Records excerpted from a collection:
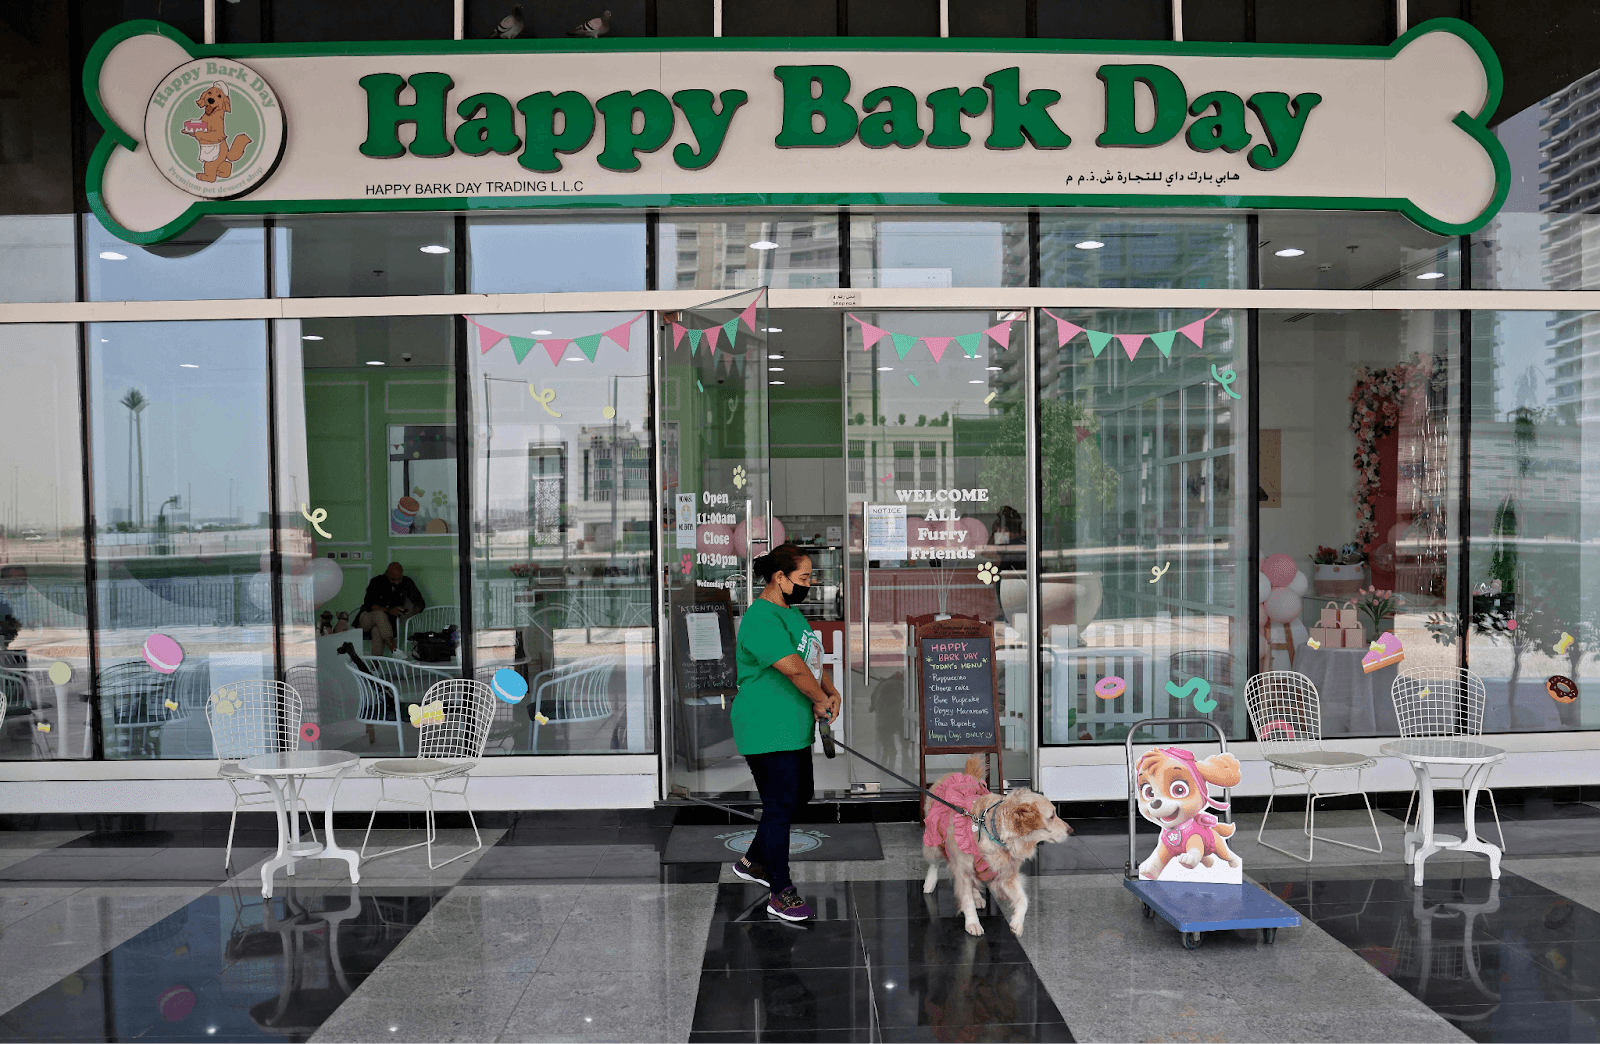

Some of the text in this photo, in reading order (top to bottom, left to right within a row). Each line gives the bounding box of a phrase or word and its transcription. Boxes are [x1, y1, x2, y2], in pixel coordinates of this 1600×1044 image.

[153, 62, 275, 109] Happy Bark Day
[359, 64, 1322, 173] Happy Bark Day
[169, 166, 263, 194] Premium pet dessert shop
[1117, 171, 1162, 184] للتجارة
[1165, 171, 1184, 187] داي
[1187, 171, 1213, 183] بارك
[1215, 171, 1240, 187] هابي
[366, 180, 584, 195] HAPPY BARK DAY TRADING L.L.C
[703, 491, 729, 507] Open
[895, 489, 989, 502] WELCOME
[696, 512, 737, 524] 11:00am
[924, 508, 960, 521] ALL
[703, 531, 730, 545] Close
[918, 528, 968, 543] Furry
[911, 547, 976, 560] Friends
[696, 553, 737, 568] 10:30pm
[696, 579, 725, 590] Wednesday
[931, 642, 968, 652] HAPPY
[938, 652, 978, 662] BARK DAY
[933, 706, 954, 716] Doggy
[929, 729, 948, 742] Happy
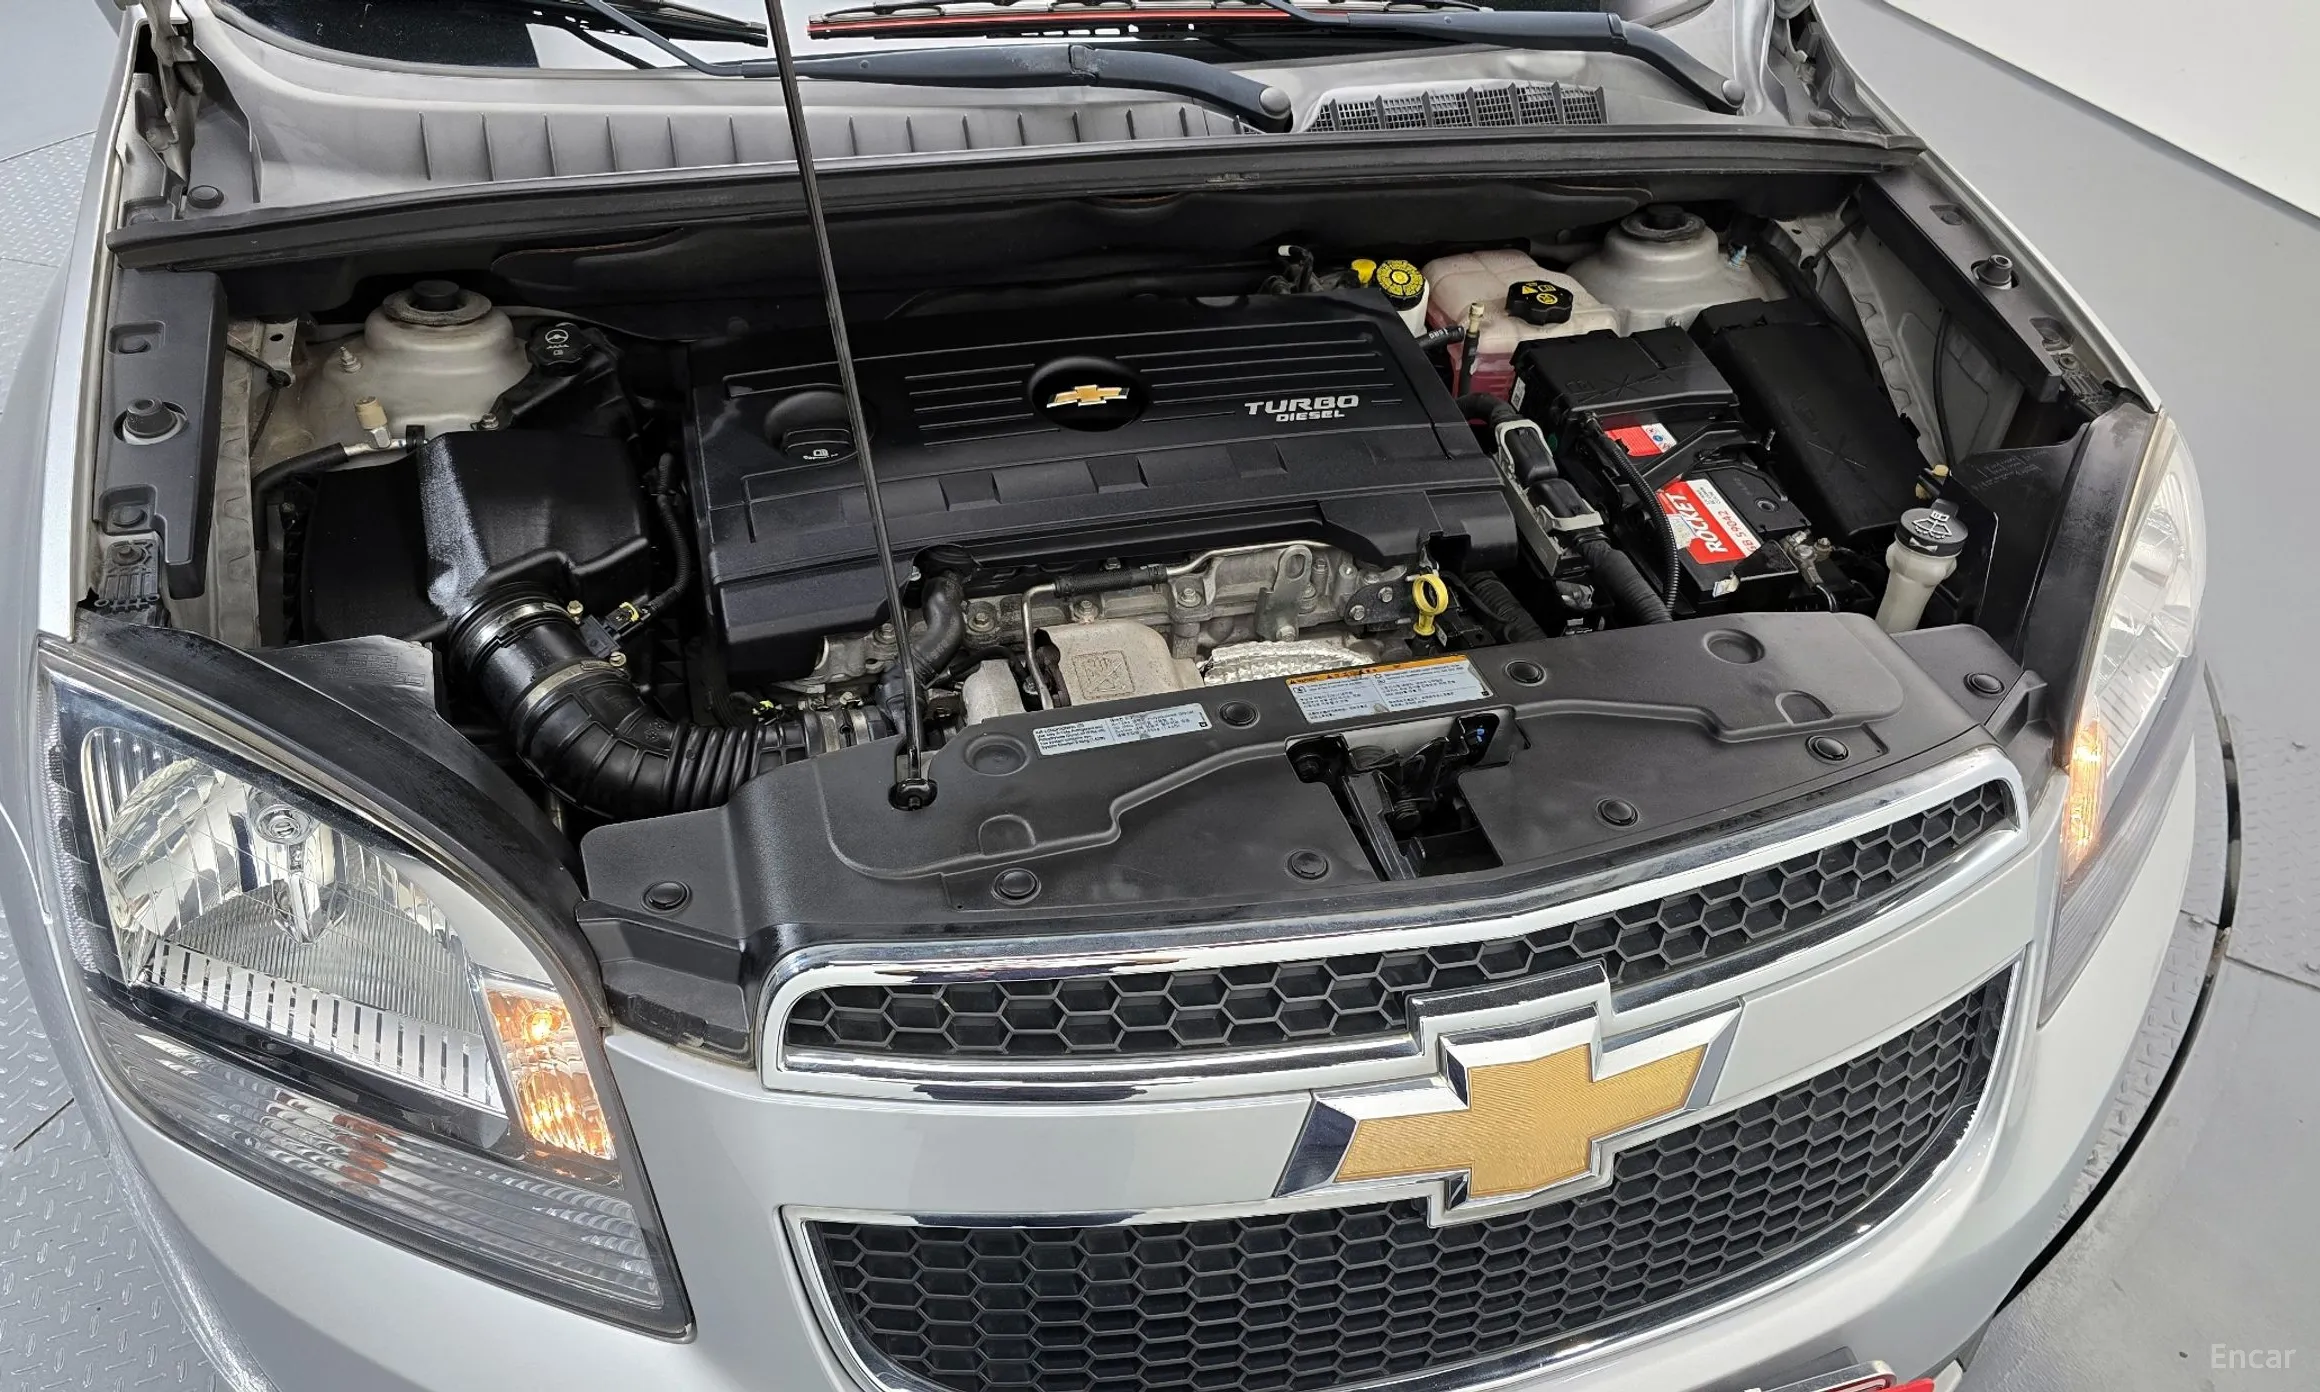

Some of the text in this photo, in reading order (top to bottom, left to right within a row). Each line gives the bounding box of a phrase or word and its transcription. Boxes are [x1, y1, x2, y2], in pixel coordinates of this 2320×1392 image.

[1245, 395, 1359, 415] TURBO
[1276, 411, 1345, 422] DIESEL
[1666, 494, 1728, 552] ROCKET
[1718, 510, 1747, 538] 59042

_Assigned task_
Strip the images and return the remaining data exactly.

_Result of this task_
Some of the text in this photo, in reading order (top to bottom, left to right within a row). Each line gives the bounding box of a phrase or word and its transcription. Boxes are [x1, y1, x2, y2], in pixel coordinates of this 1600×1044 image.

[153, 62, 275, 109] Happy Bark Day
[359, 64, 1322, 173] Happy Bark Day
[169, 166, 263, 194] Premium pet dessert shop
[1117, 171, 1162, 184] للتجارة
[1165, 171, 1184, 187] داي
[1187, 171, 1213, 183] بارك
[1215, 171, 1240, 187] هابي
[366, 180, 584, 195] HAPPY BARK DAY TRADING L.L.C
[703, 491, 729, 507] Open
[895, 489, 989, 502] WELCOME
[696, 512, 737, 524] 11:00am
[924, 508, 960, 521] ALL
[703, 531, 730, 545] Close
[918, 528, 968, 543] Furry
[911, 547, 976, 560] Friends
[696, 553, 737, 568] 10:30pm
[696, 579, 725, 590] Wednesday
[931, 642, 968, 652] HAPPY
[938, 652, 978, 662] BARK DAY
[933, 706, 954, 716] Doggy
[929, 729, 948, 742] Happy

Some of the text in this photo, in reading order (top to bottom, left to right within a row). Each line gives the bounding box of a phrase or word and its transcription. Boxes are [x1, y1, x2, y2], in pixel coordinates of this 2320×1392 image.

[1245, 395, 1359, 415] TURBO
[1276, 411, 1345, 422] DIESEL
[1666, 494, 1728, 552] ROCKET
[1718, 510, 1747, 538] 59042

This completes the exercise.